GIVEN DATA below:
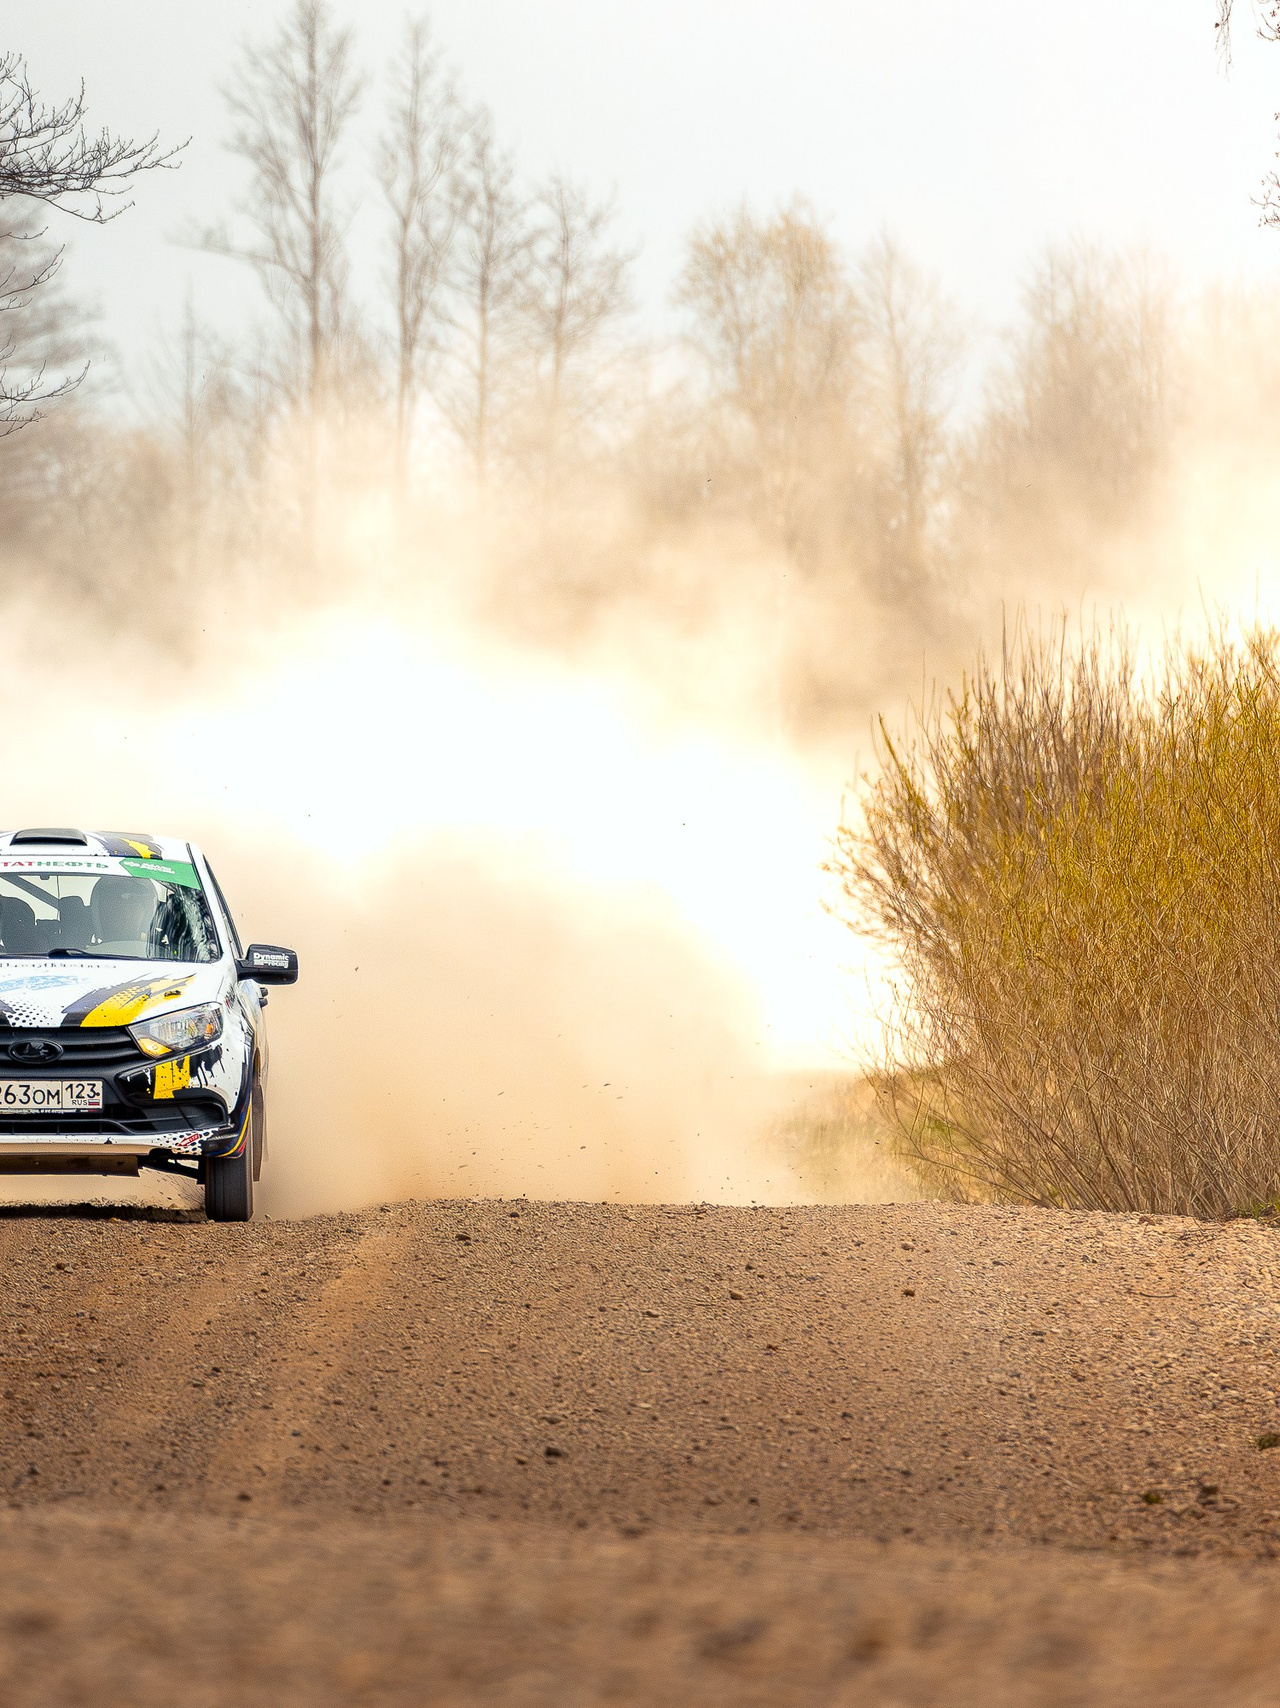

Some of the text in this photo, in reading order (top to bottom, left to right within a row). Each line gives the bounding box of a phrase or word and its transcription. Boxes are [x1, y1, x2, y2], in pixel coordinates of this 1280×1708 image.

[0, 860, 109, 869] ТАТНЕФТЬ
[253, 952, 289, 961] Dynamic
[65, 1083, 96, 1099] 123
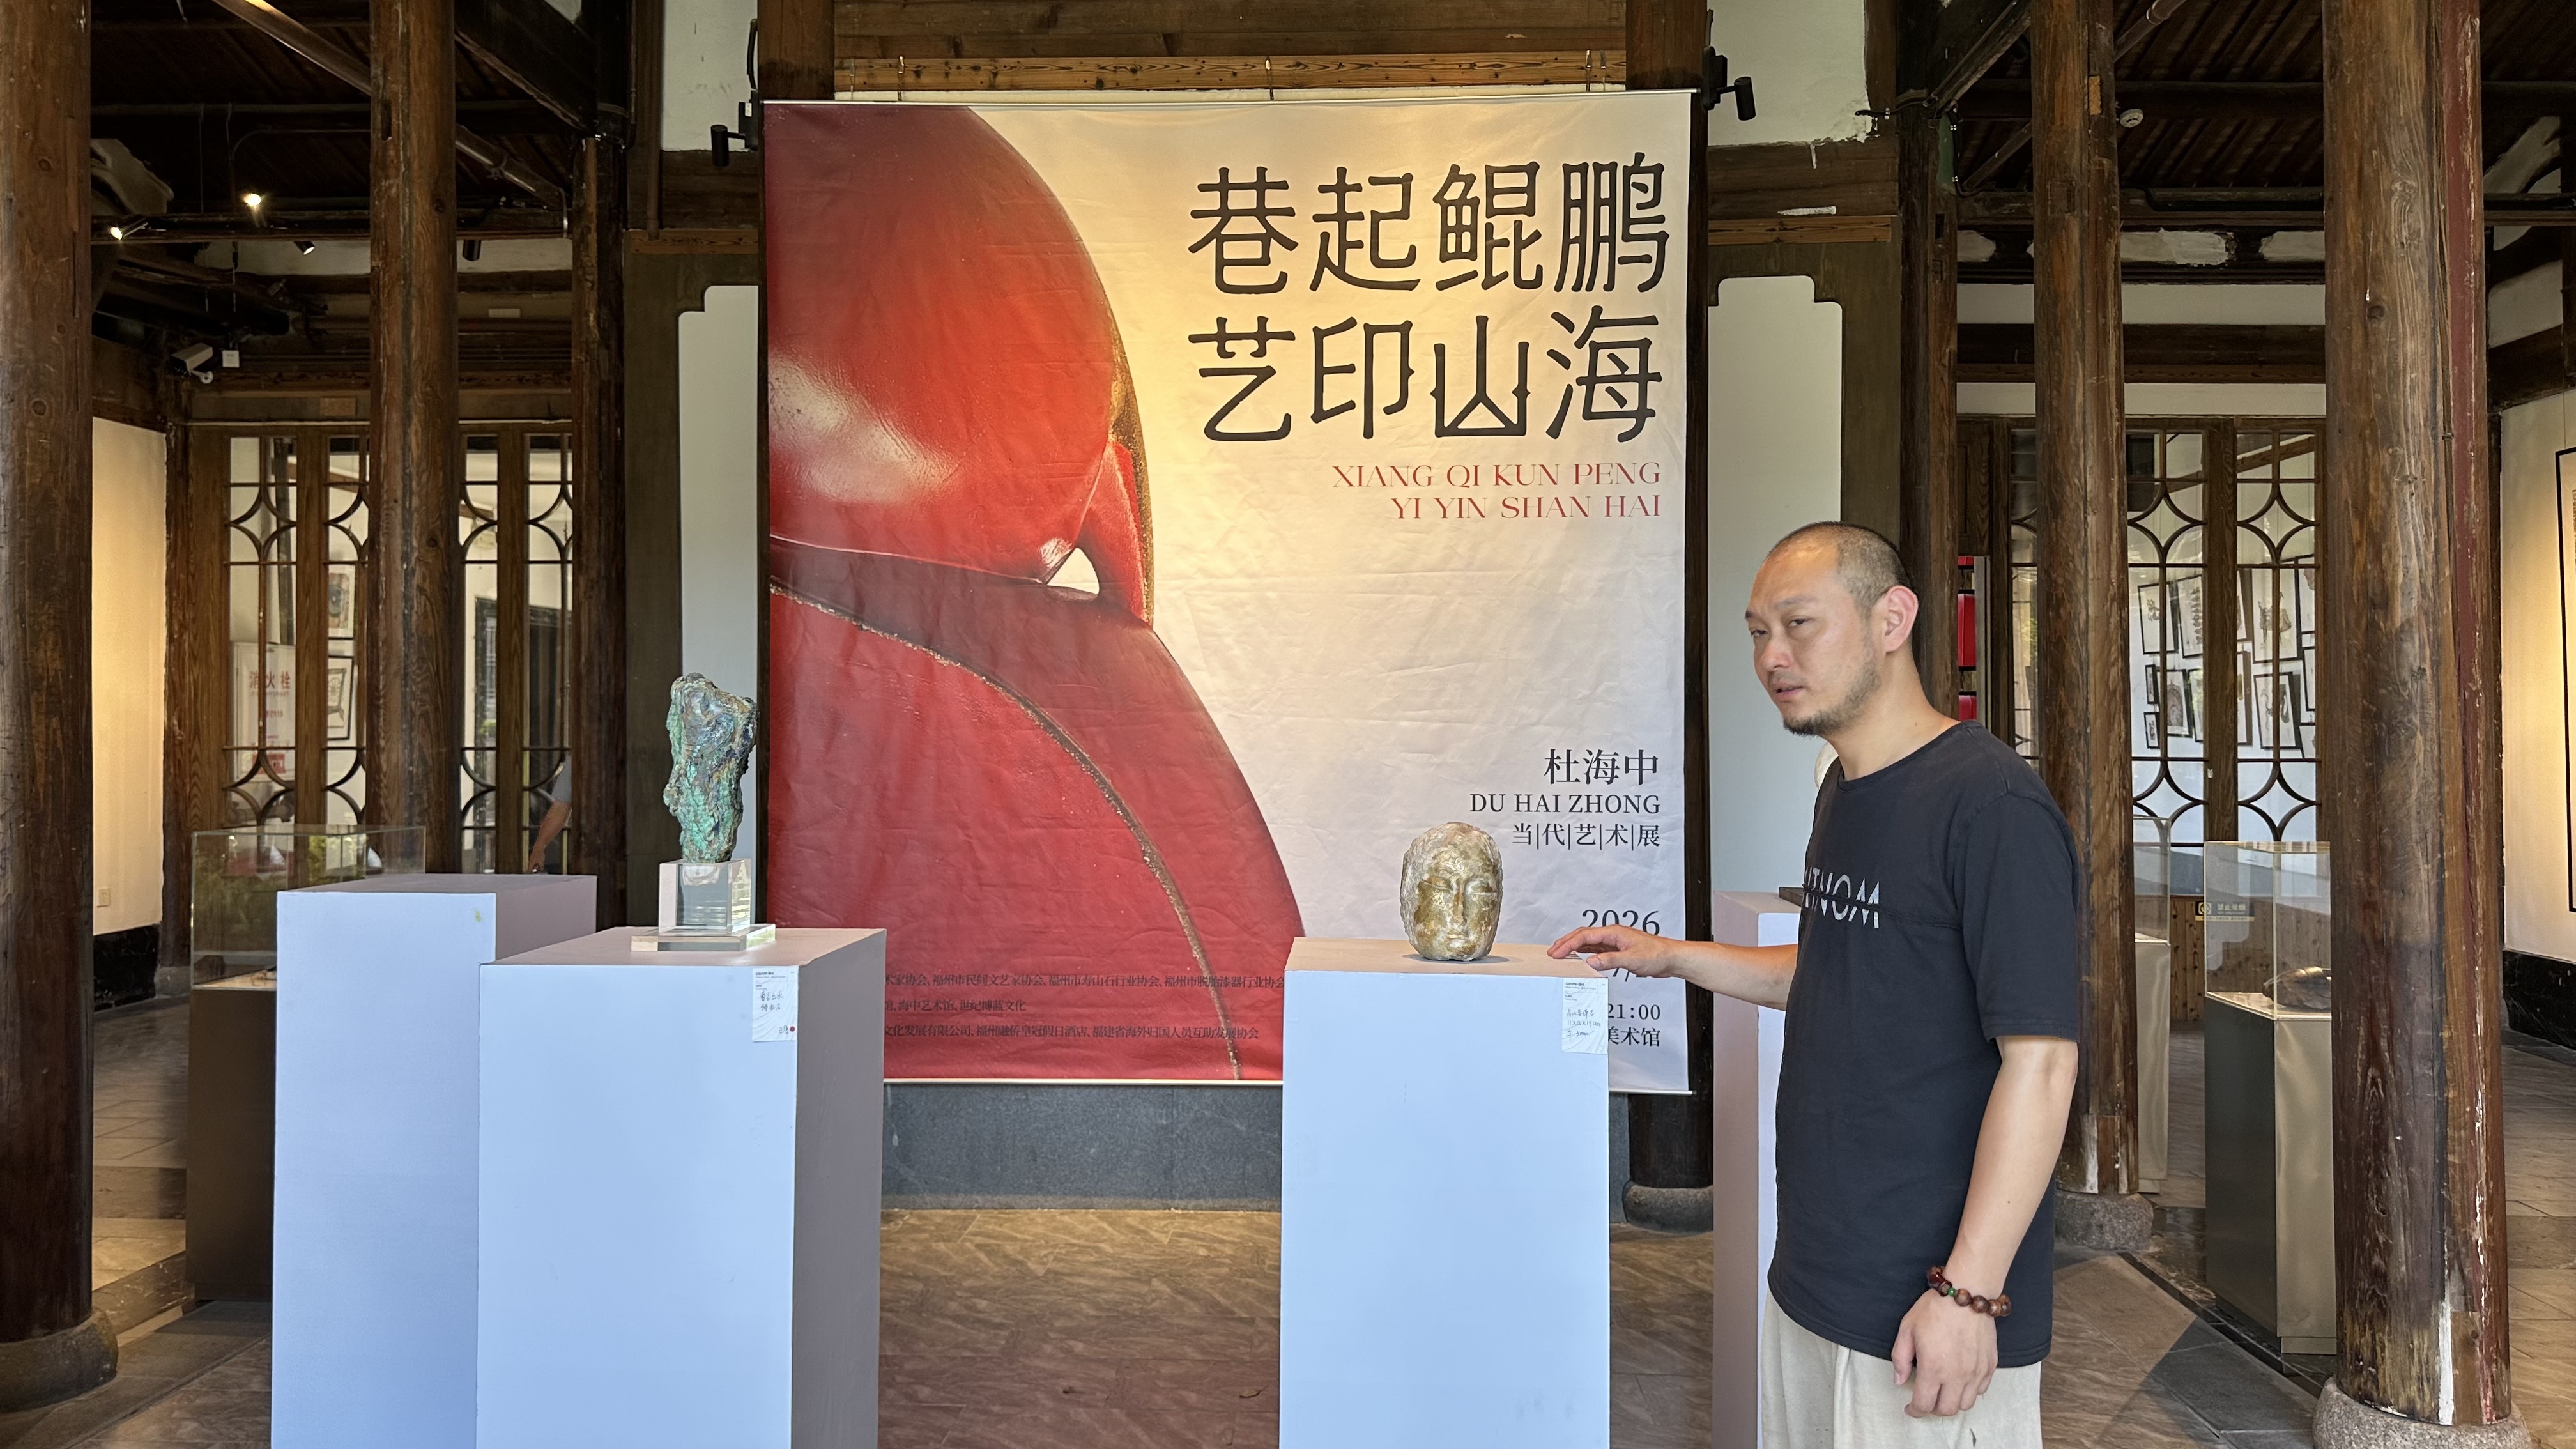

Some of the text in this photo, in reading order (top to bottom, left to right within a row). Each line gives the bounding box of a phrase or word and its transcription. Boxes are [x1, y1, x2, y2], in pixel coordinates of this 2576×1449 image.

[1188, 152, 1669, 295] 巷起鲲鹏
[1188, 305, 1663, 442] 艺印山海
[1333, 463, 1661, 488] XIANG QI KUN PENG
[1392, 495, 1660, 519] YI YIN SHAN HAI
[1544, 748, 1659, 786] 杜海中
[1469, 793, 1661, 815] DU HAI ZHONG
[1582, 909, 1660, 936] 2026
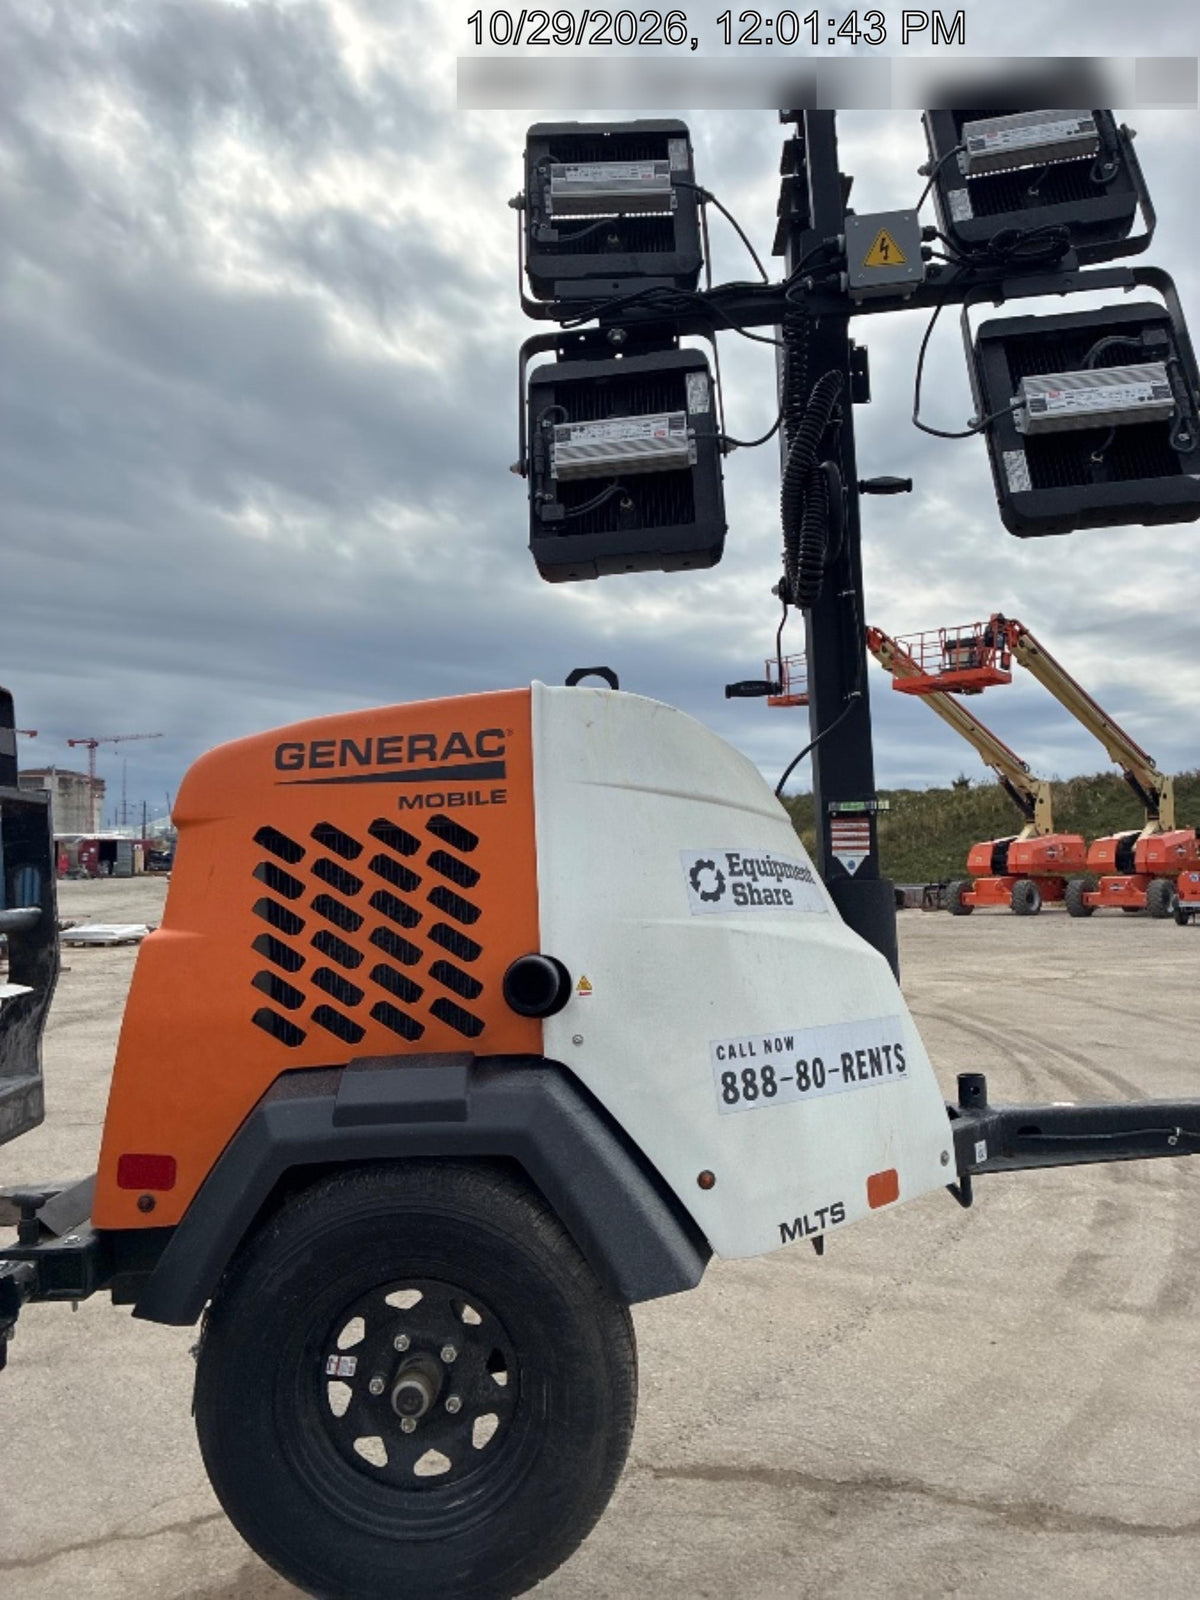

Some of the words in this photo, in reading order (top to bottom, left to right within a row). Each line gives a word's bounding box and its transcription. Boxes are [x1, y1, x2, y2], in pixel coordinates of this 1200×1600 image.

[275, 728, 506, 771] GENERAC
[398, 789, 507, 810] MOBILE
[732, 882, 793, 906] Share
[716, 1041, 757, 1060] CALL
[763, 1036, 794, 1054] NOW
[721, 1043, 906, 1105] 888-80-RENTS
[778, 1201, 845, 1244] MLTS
End of GIVEN DATA.
◆ WORK TO BE COMPLETED ◆
All of the material above needs to be restated exactly, with no pictures.

◆ OUTPUT FOR THIS TASK ◆
Some of the text in this photo, in reading order (top to bottom, left to right within a row). Each line gives the bounding box of a phrase or word and its transcription. Boxes are [x1, y1, x2, y2], in pixel coordinates of this 1280×1708 image.

[0, 860, 109, 869] ТАТНЕФТЬ
[253, 952, 289, 961] Dynamic
[65, 1083, 96, 1099] 123

Some of the text in this photo, in reading order (top to bottom, left to right within a row). Each line gives the bounding box of a phrase or word and its transcription. Boxes are [x1, y1, x2, y2], in pixel coordinates of this 2576×1449 image.

[1188, 152, 1669, 295] 巷起鲲鹏
[1188, 305, 1663, 442] 艺印山海
[1333, 463, 1661, 488] XIANG QI KUN PENG
[1392, 495, 1660, 519] YI YIN SHAN HAI
[1544, 748, 1659, 786] 杜海中
[1469, 793, 1661, 815] DU HAI ZHONG
[1582, 909, 1660, 936] 2026

Some of the words in this photo, in reading order (top to bottom, left to right within a row). Each line gives a word's bounding box and its transcription. Boxes are [x1, y1, x2, y2], in pixel coordinates of this 1200×1600 image.

[275, 728, 506, 771] GENERAC
[398, 789, 507, 810] MOBILE
[732, 882, 793, 906] Share
[716, 1041, 757, 1060] CALL
[763, 1036, 794, 1054] NOW
[721, 1043, 906, 1105] 888-80-RENTS
[778, 1201, 845, 1244] MLTS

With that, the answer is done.